The Constitutional Court of Thailand ruled that the opposition Move Forward Party’s efforts to change section 112 of the criminal code, which punishes a person who insults or defames the king or the royal family, violated Thailand’s Constitution. It also ordered Move Forward to stop all attempts at instituting any change.

Section 112 of Thai Criminal Code currently reads as follows: "Whoever defames, insults or threatens the King, the Queen, the Heir-apparent or the Regent, shall be punished with imprisonment of three to fifteen years."

The party Move Forward won the Parliamentary elections in the May 2023, campaigning for democratic reforms, including a reforming change in the section 112 of the criminal code.  “United Nations independent human rights experts had also voiced grave concerns over increasingly severe use of lèse-majesté laws in Thailand, warning that a rise in their usage is further restricting civic space and the enjoyment of fundamental freedoms in the country.”

However, the proposed amendments faces strong opposition by the legal fraternity supporting the royals argued and contented, that it violated the core of the constitution as, the party’s sole intention was to overthrow the constitutional monarchy.

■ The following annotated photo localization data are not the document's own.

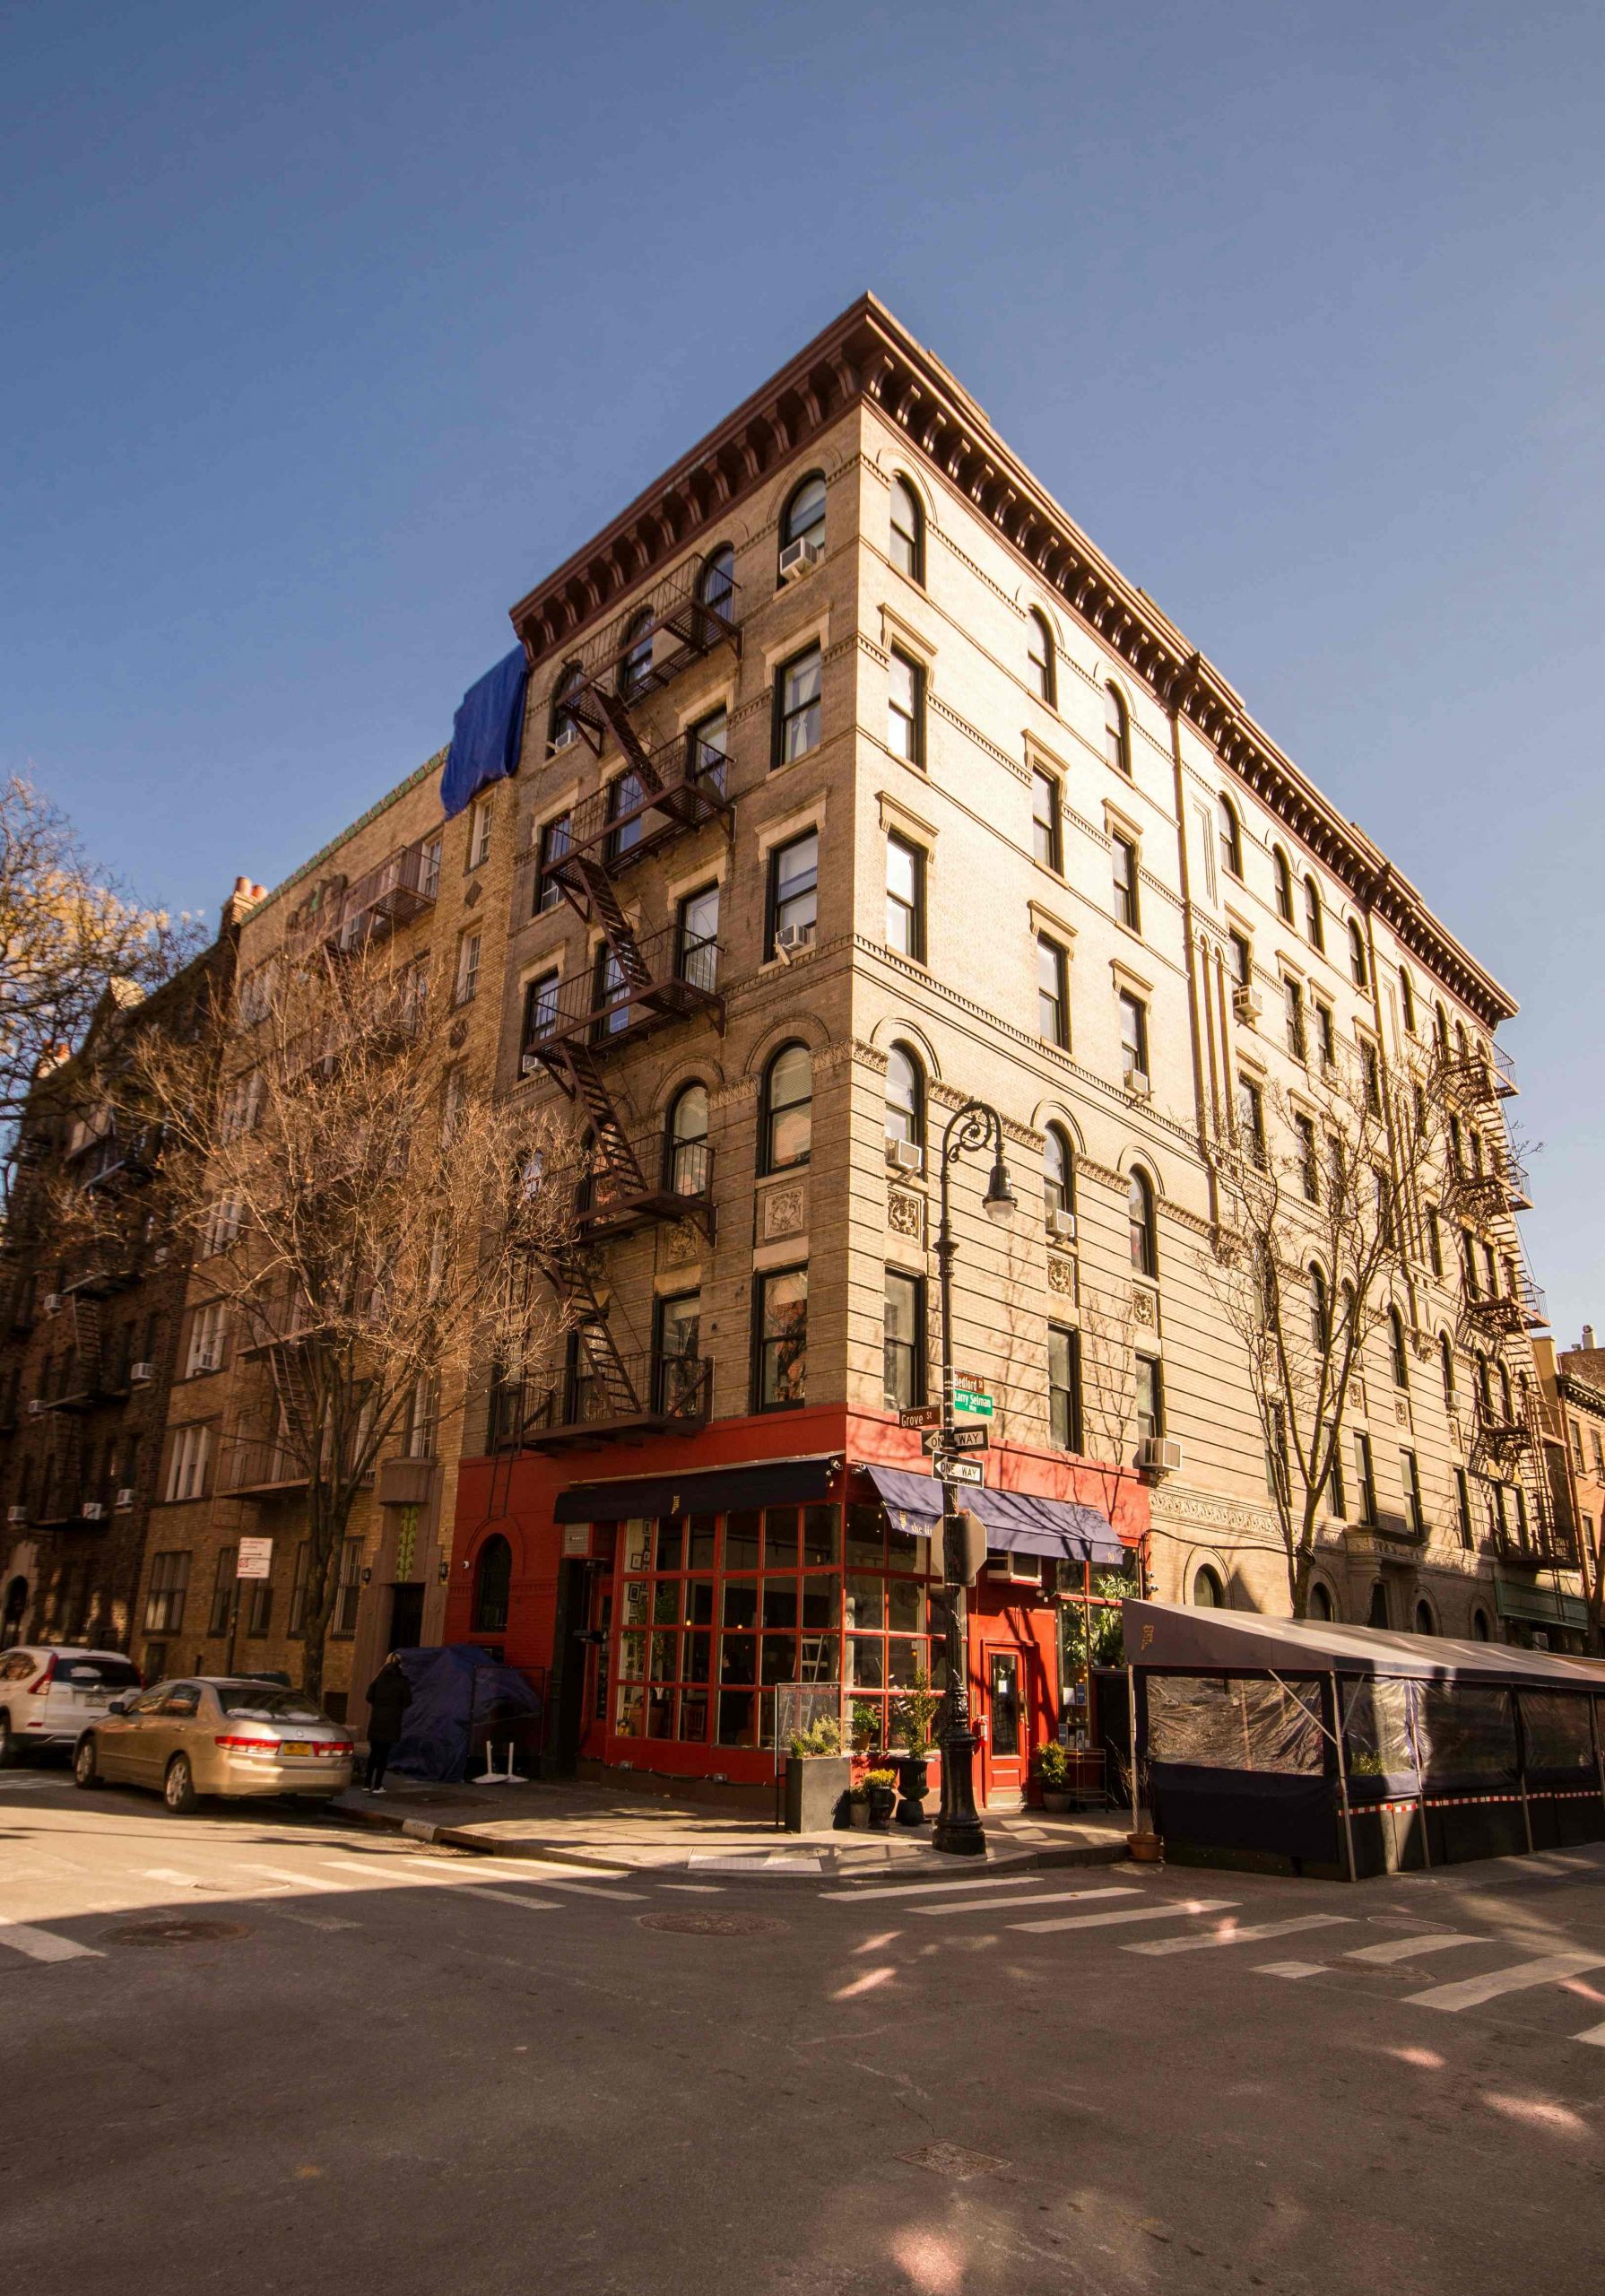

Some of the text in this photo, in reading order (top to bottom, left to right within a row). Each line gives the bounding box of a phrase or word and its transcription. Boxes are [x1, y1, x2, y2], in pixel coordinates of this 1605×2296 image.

[953, 1373, 977, 1391] Bedford
[954, 1390, 992, 1408] Larry Selman
[901, 1411, 933, 1427] Grove St
[931, 1432, 979, 1448] ON WAY
[941, 1462, 977, 1479] ONE WAY
[911, 1522, 923, 1534] the

Section 49 of the Constitution states:

“No person shall exercise the rights or liberties to overthrow the democratic regime of government with the King as Head of State. Any person who has knowledge of an act under paragraph one shall have the right to petition to the Attorney-General to submit a motion to the Constitutional Court for an order to cease such act.”

However,  the Constitutional Court stated that Move Forward’s proposal to amend section 112 was similar to a bill in 2021 that was rejected by the parliament, and that

The bill was aimed at lowering the status of the royal institution because it required the Bureau of the Royal Household to file lese-majeste complaints. Consequently, the institution would be placed in direct opposition to members of the public in defamation cases. That would go against the constitutional principle that elevates the royal institution above any political issues because the royal institution is a pillar of national security.

The Constitutional Court also stated that the action of the accused displays the use of freedom of thought to demand the destruction of the democratic system of governance with the king as the head of state, hidden within, and through the call to amend article 112 of the criminal code as party policy.”